### What you will do
The entries below are to be written out exactly, with no images included.

### Entries shown
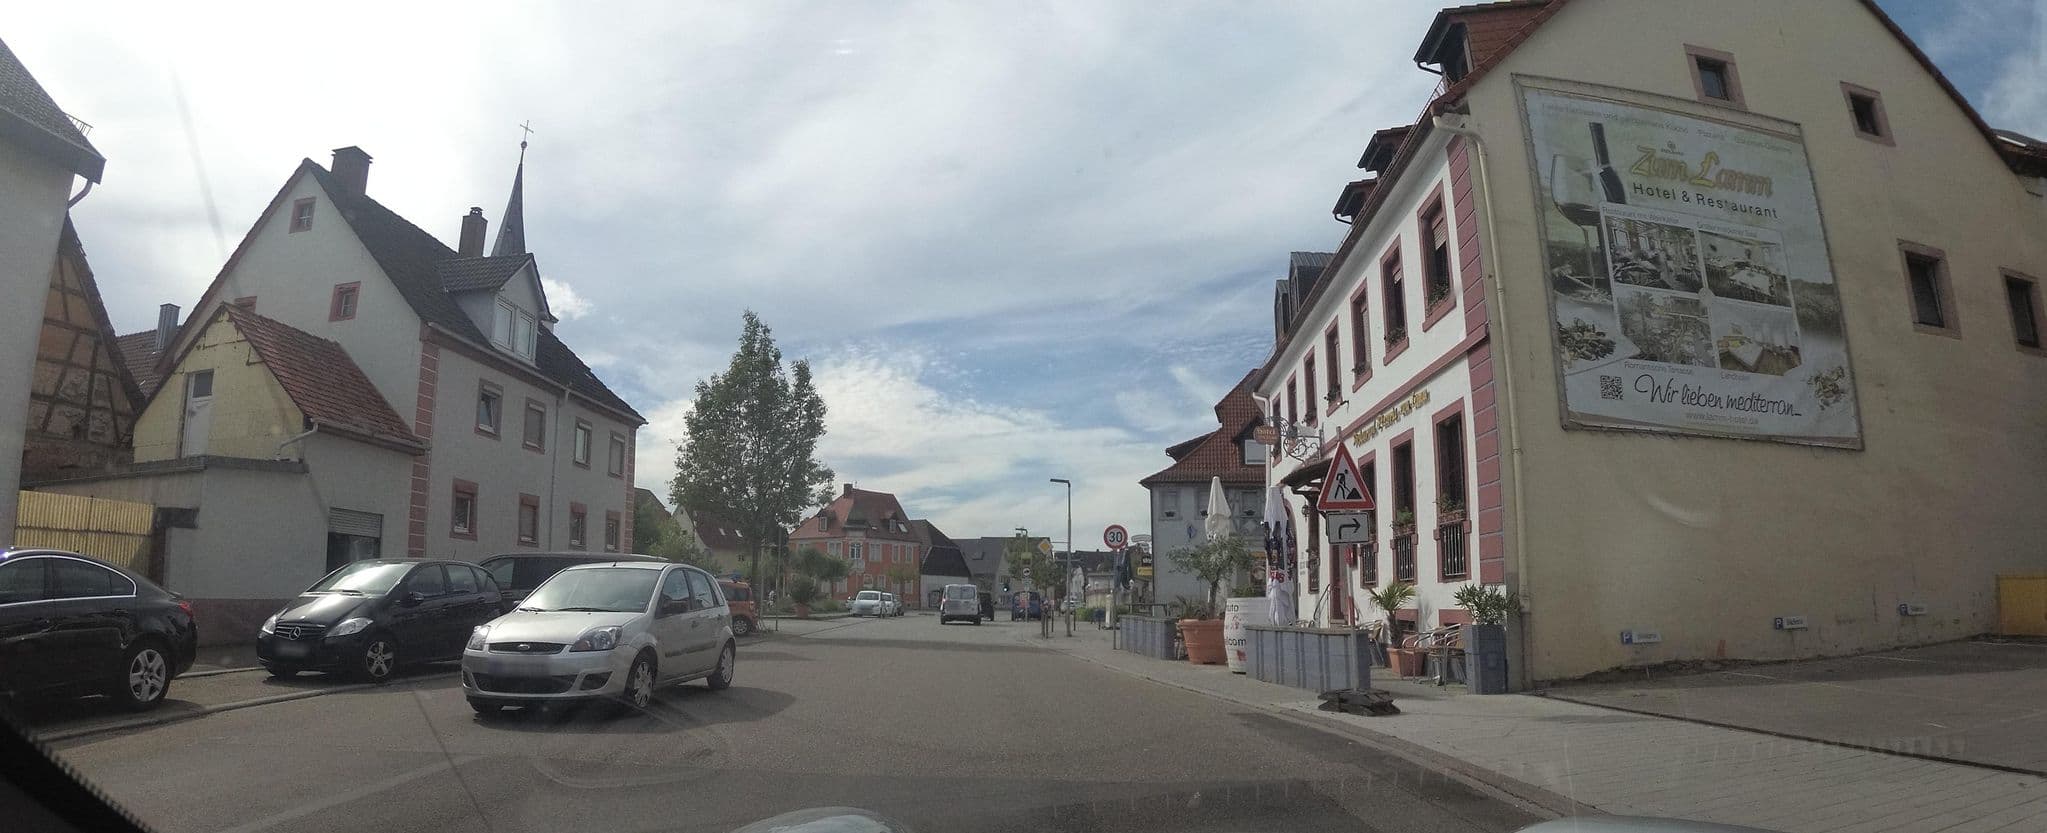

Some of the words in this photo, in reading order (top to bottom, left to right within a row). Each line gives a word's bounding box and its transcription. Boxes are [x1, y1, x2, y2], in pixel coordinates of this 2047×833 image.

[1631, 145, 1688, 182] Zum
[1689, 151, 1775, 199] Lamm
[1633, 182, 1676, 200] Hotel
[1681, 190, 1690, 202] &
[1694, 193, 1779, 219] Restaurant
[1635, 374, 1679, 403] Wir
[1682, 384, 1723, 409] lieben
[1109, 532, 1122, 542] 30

### Response area
Some of the words in this photo, in reading order (top to bottom, left to right within a row). Each line gives a word's bounding box and its transcription. Boxes are [x1, y1, x2, y2], in pixel coordinates of this 2047×833 image.

[1631, 145, 1688, 182] Zum
[1689, 151, 1775, 199] Lamm
[1633, 182, 1676, 200] Hotel
[1681, 190, 1690, 202] &
[1694, 193, 1779, 219] Restaurant
[1635, 374, 1679, 403] Wir
[1682, 384, 1723, 409] lieben
[1109, 532, 1122, 542] 30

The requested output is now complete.